Report 3/2020
Seasonal Effects on Stalling Mortality in England by Institute of Health Equity
Summary

Life expectancy at birth has been increasing in recent decades. However, these improvements which had been around a one-year increase every five and a half years for women and every four years for men in the period 1981 to 2010, slowed to a rate of a one-year increase every 28 years for women and 15 years for men in the years 2011 to 2018. There has been a considerable amount of discussion of the possible causes of this slowdown - seasonal factors (principally flu and cold weather) and factors affecting all seasons (austerity, material deprivation, demographic factors, disease patterns, statistical artefacts). This note presents an estimate of the proportion of the slowdown associated with seasonal factors.

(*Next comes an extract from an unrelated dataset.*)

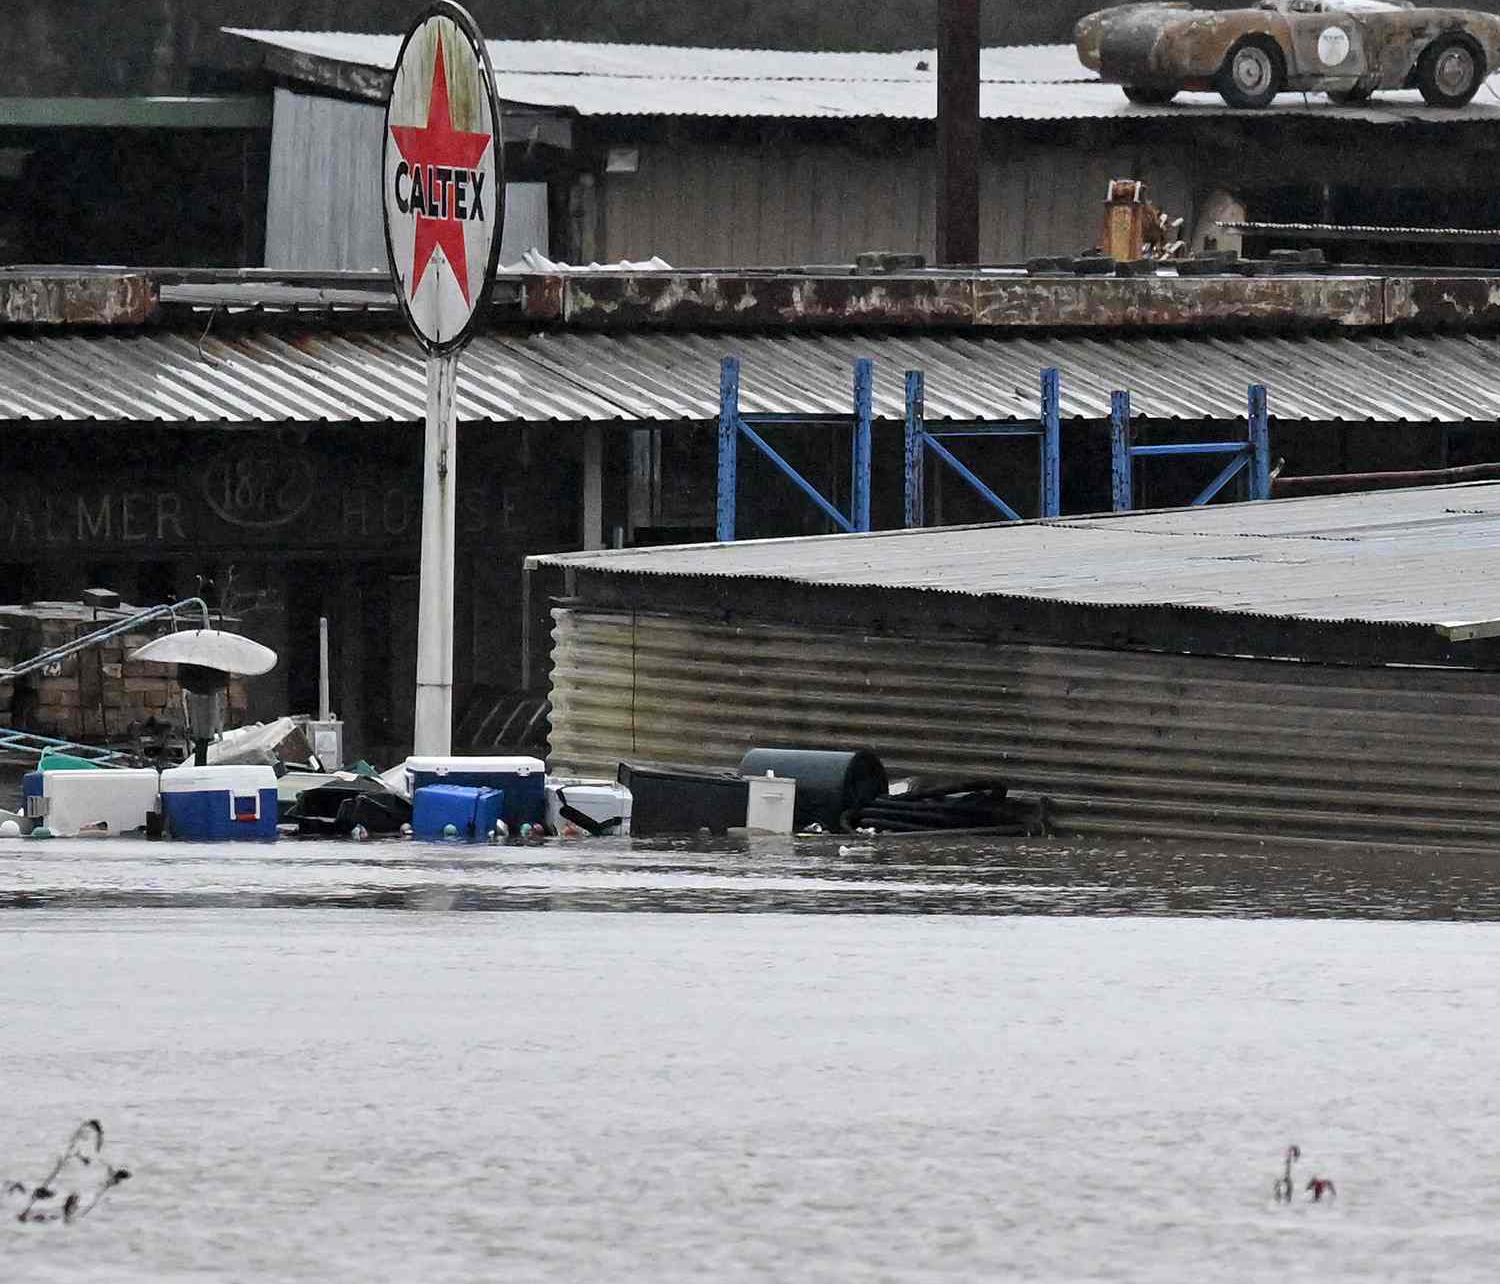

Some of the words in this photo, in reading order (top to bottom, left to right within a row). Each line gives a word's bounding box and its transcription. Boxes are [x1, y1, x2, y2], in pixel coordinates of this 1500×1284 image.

[395, 161, 485, 221] CALTEX
[0, 492, 187, 541] ALMER
[342, 487, 528, 535] HOSE
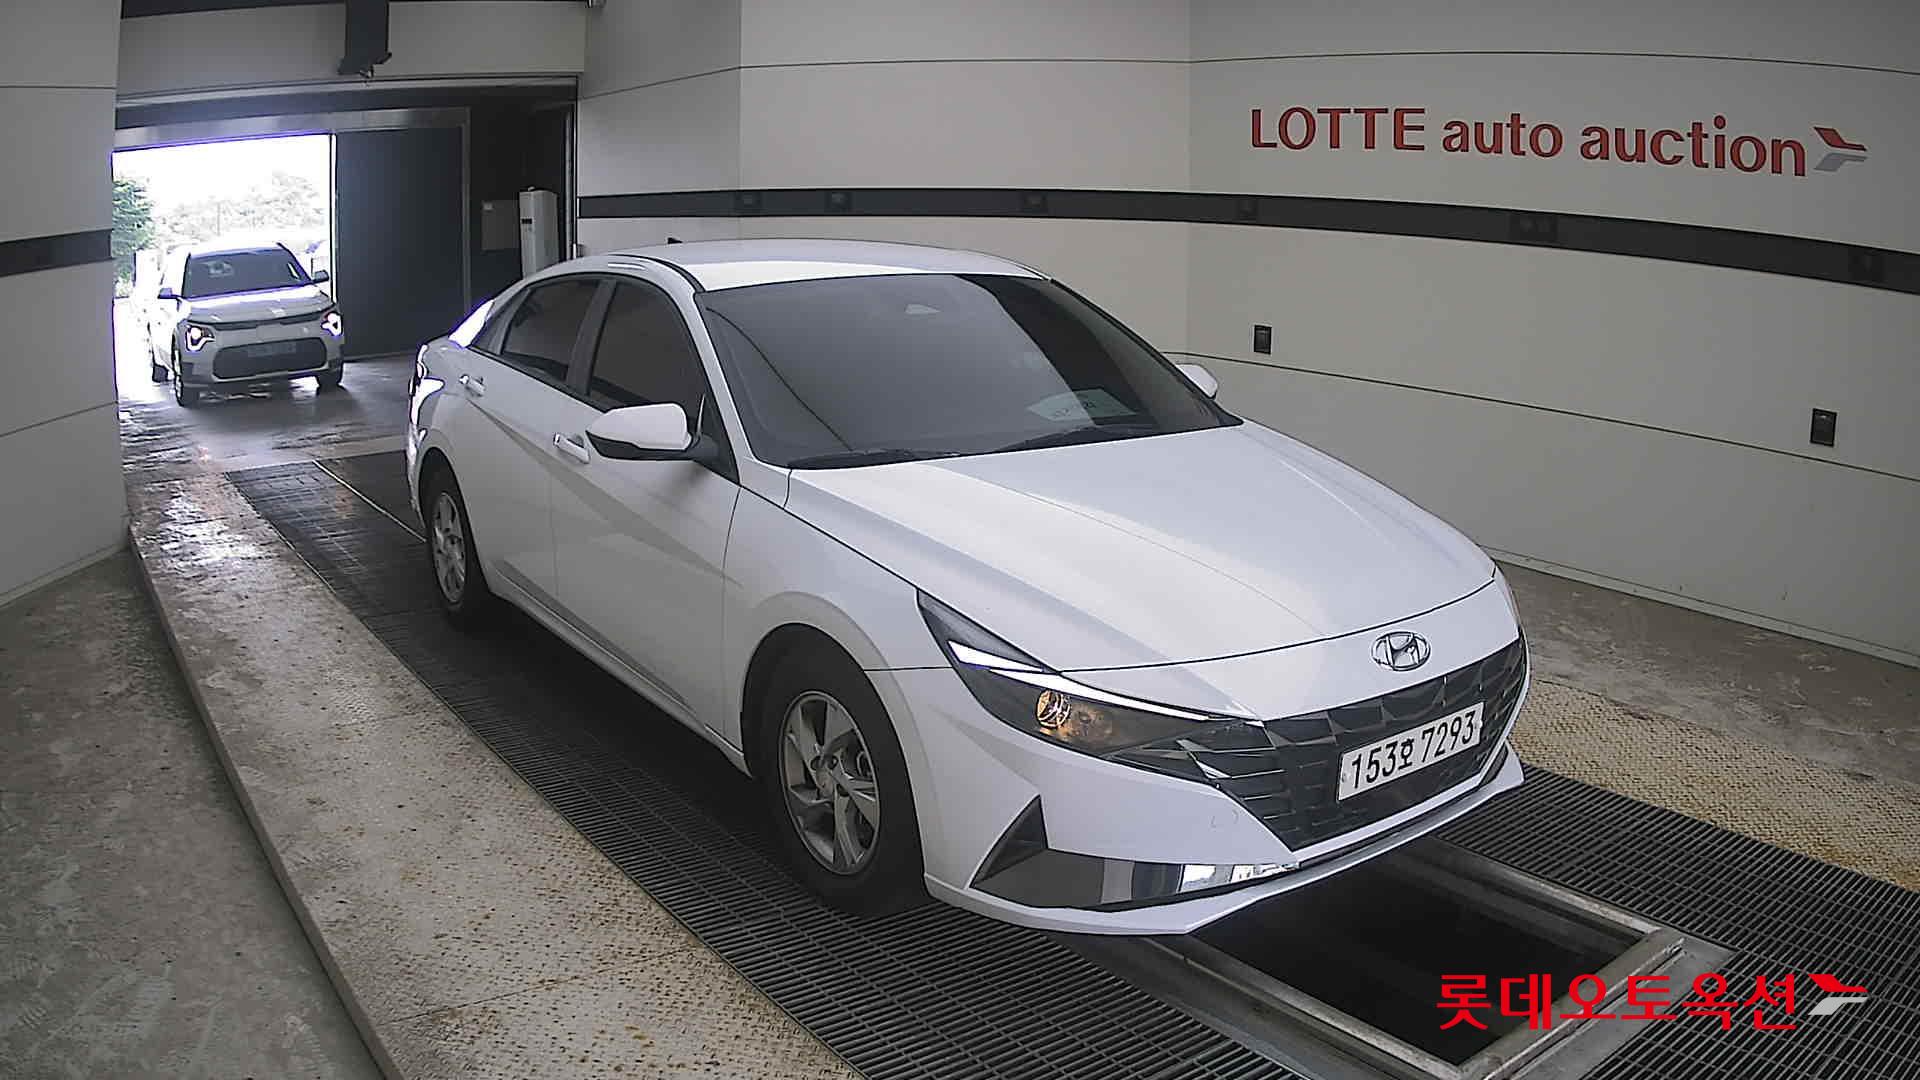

In September ONS published the latest quarterly mortality report for Q2 2019. Based on this and previous quarterly mortality reports, Murphy produced a graph comparing quarterly mortality data for the years 2001 to 2018/9. Using these data, seasonal and non-seasonal stalling can be compared.

 

Updated March 2020

Since 2011, there has been a slowing down  of the improvements in mortality rates seen in the previous decade in every season of the year.  In the winter months of 2011-2019, there was  increased variability in mortality - both in size and frequency of changes in rates associated with the presence or absence of flu epidemics and cold spells. This resulted in a stalling of improvements in winter mortality.

However this winter stalling accounted for less than 20 percent of the slowdown in improvements. Other factors accounted for over 80 per cent of the slowdown.